Domestic Violence Orders

Where domestic violence poses a real threat to the safety of you and your children, a domestic violence order (DVO) may be necessary. Obviously if the danger is immediate you need to call the emergency services on 000. A DVO is an official document issued by a court designed to stop further threats or acts of domestic violence by the abuser. It makes illegal certain behaviour by your abuser and it is a criminal offence for them to disobey the order.

If the danger to you is immediate, you or the police can apply to a magistrate for a temporary protection order to protect you and your children until the time a magistrate can decide whether a full protection order is required.

Protection orders to protect those in domestic and family violence situations can be in effect for up to five years, or for shorter or longer periods depending on what the court deems appropriate.

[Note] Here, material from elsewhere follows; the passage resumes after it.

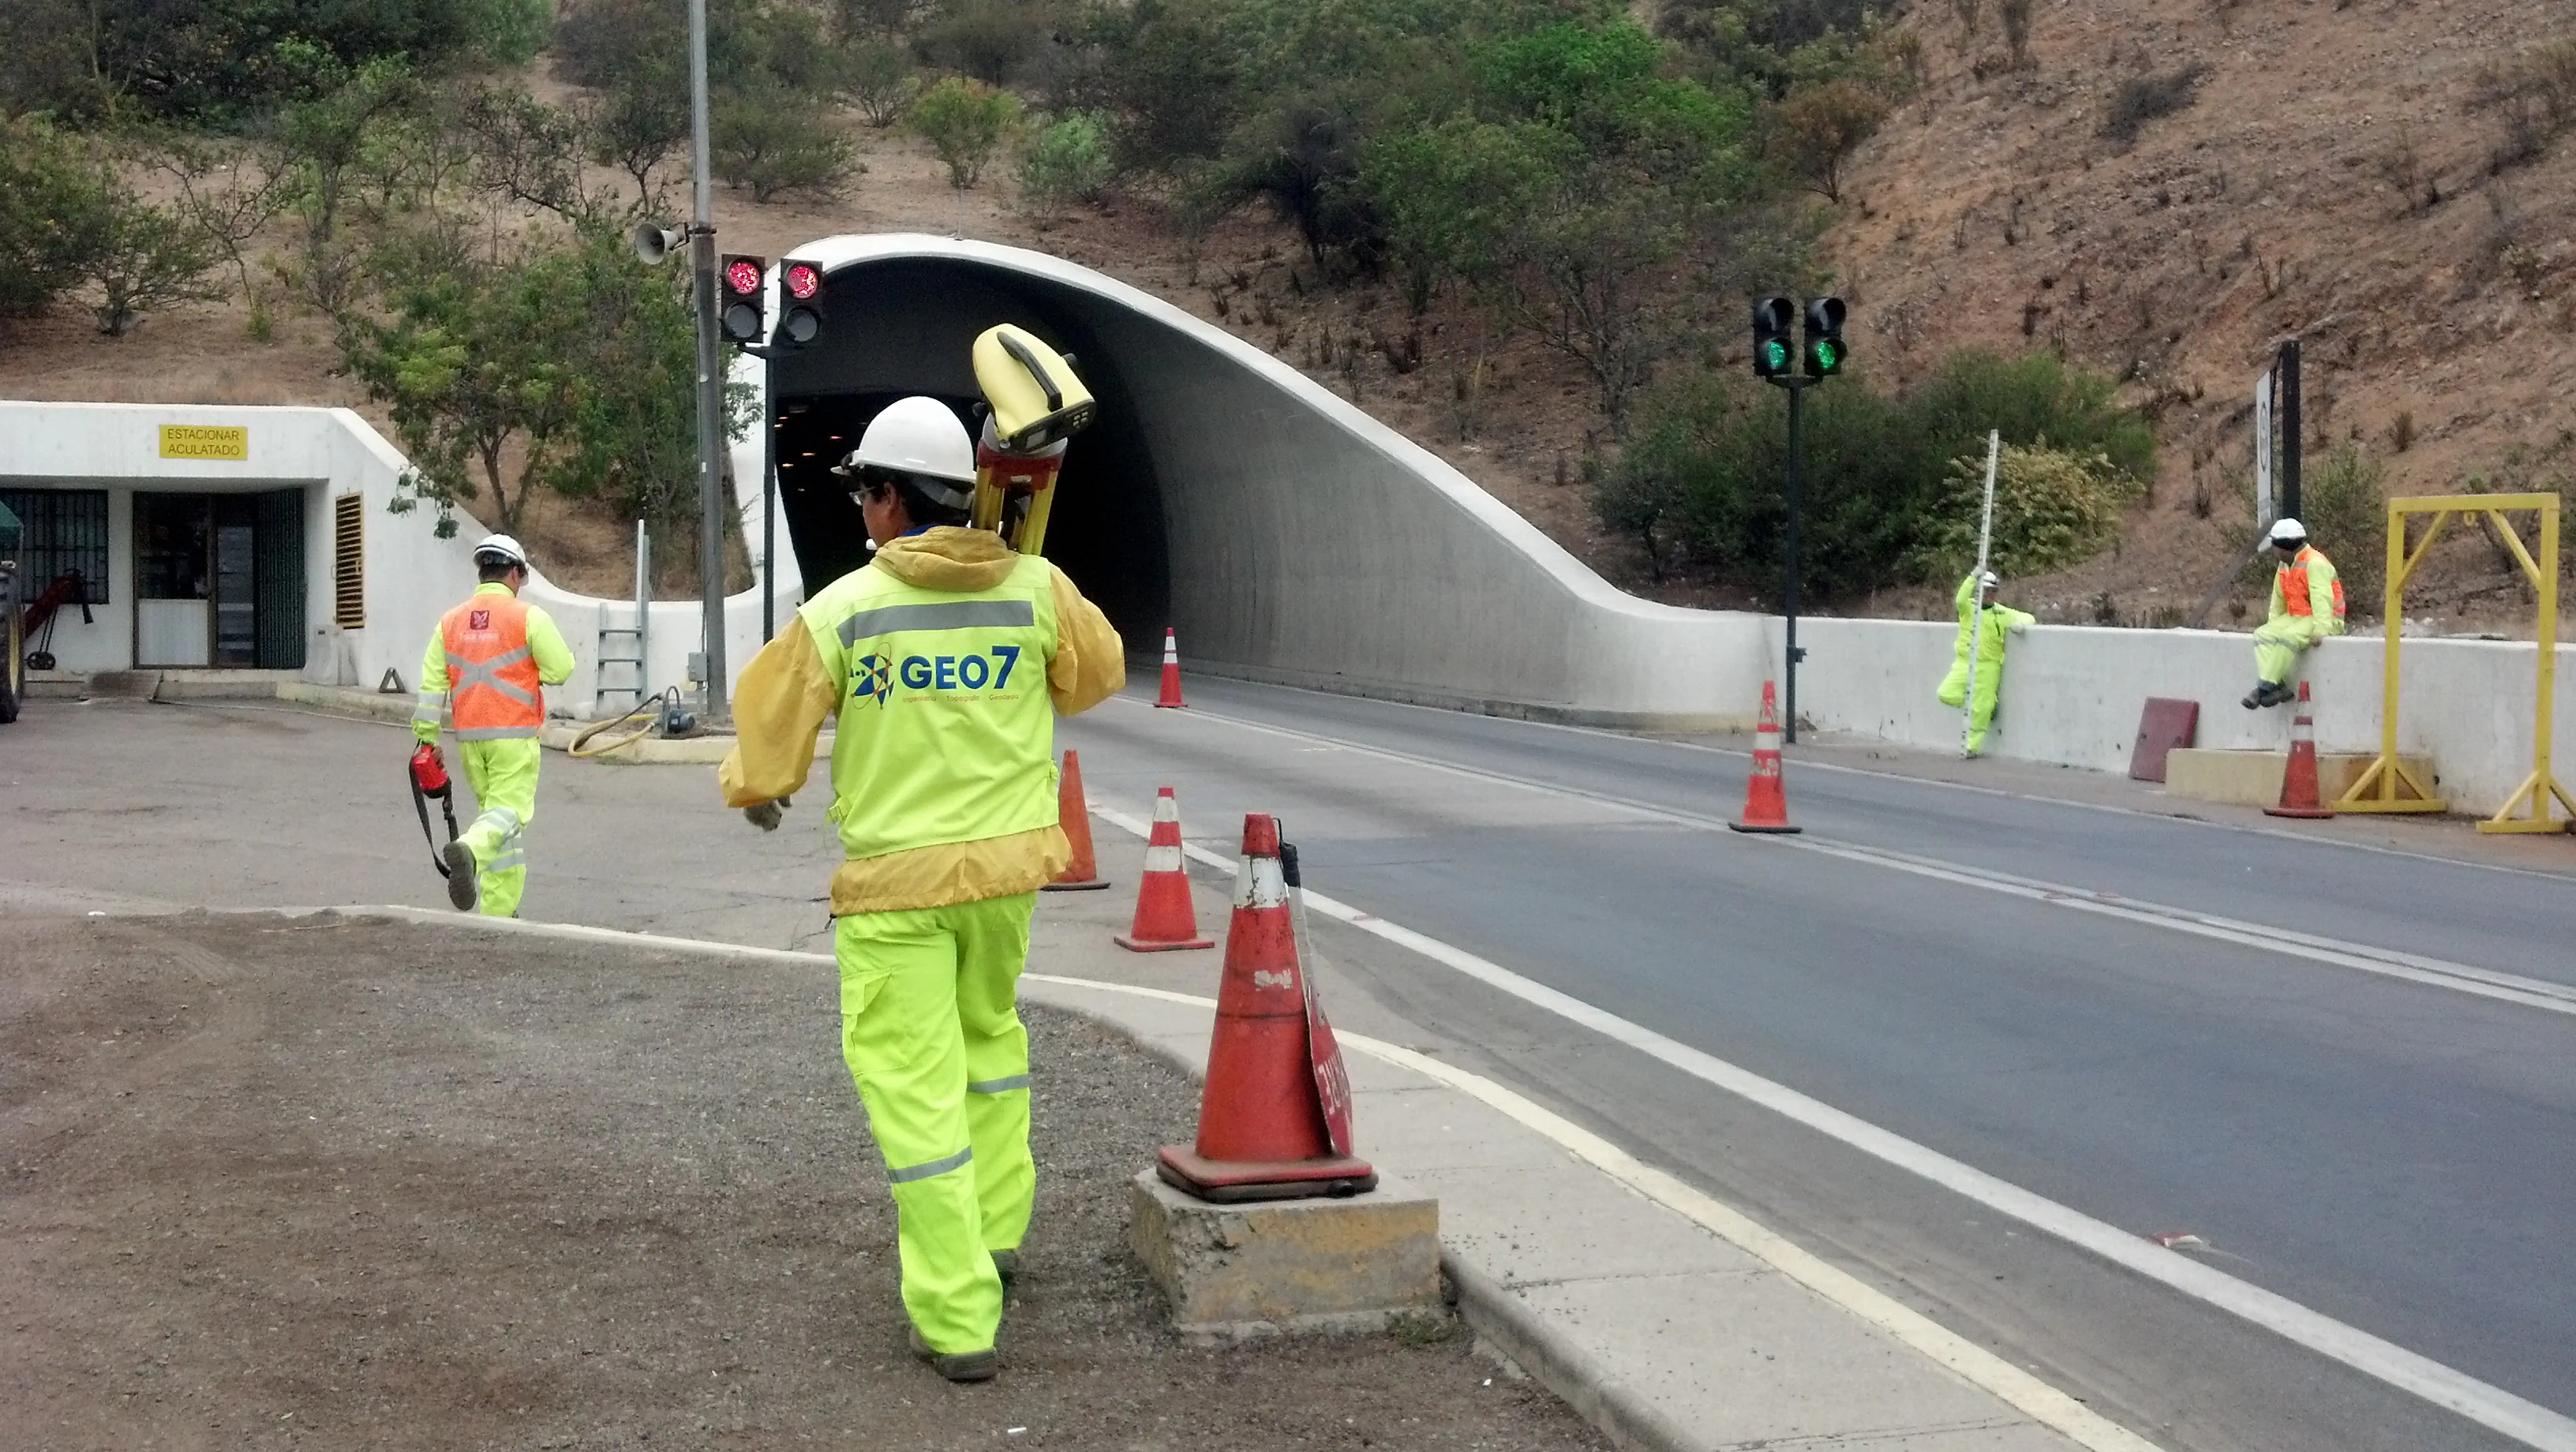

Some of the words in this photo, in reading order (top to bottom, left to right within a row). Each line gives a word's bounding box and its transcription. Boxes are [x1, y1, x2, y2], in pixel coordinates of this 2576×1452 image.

A DVO sets out specific rules the abusive person must follow, such as not approaching you at home or work, not approaching friends or relatives, or preventing them going near your children’s school or daycare. You can nominate extra conditions for the court to consider including in the order when you make the application for a DVO.

Both you and the abuser will get a copy of the DVO once it is made. It’s crucial to keep this document safe so you can produce it to show police should the abuser breach any of its conditions.

How we can help

At Twohill Lawyers, we are specialists in the area of family law, including helping people through the terrible experience of domestic violence.

Whether you are concerned about ongoing physical and emotional harm, how you should go about leaving an abusive relationship, or your financial and legal position should you choose to do so, we can help you make those first steps to a safe and secure future.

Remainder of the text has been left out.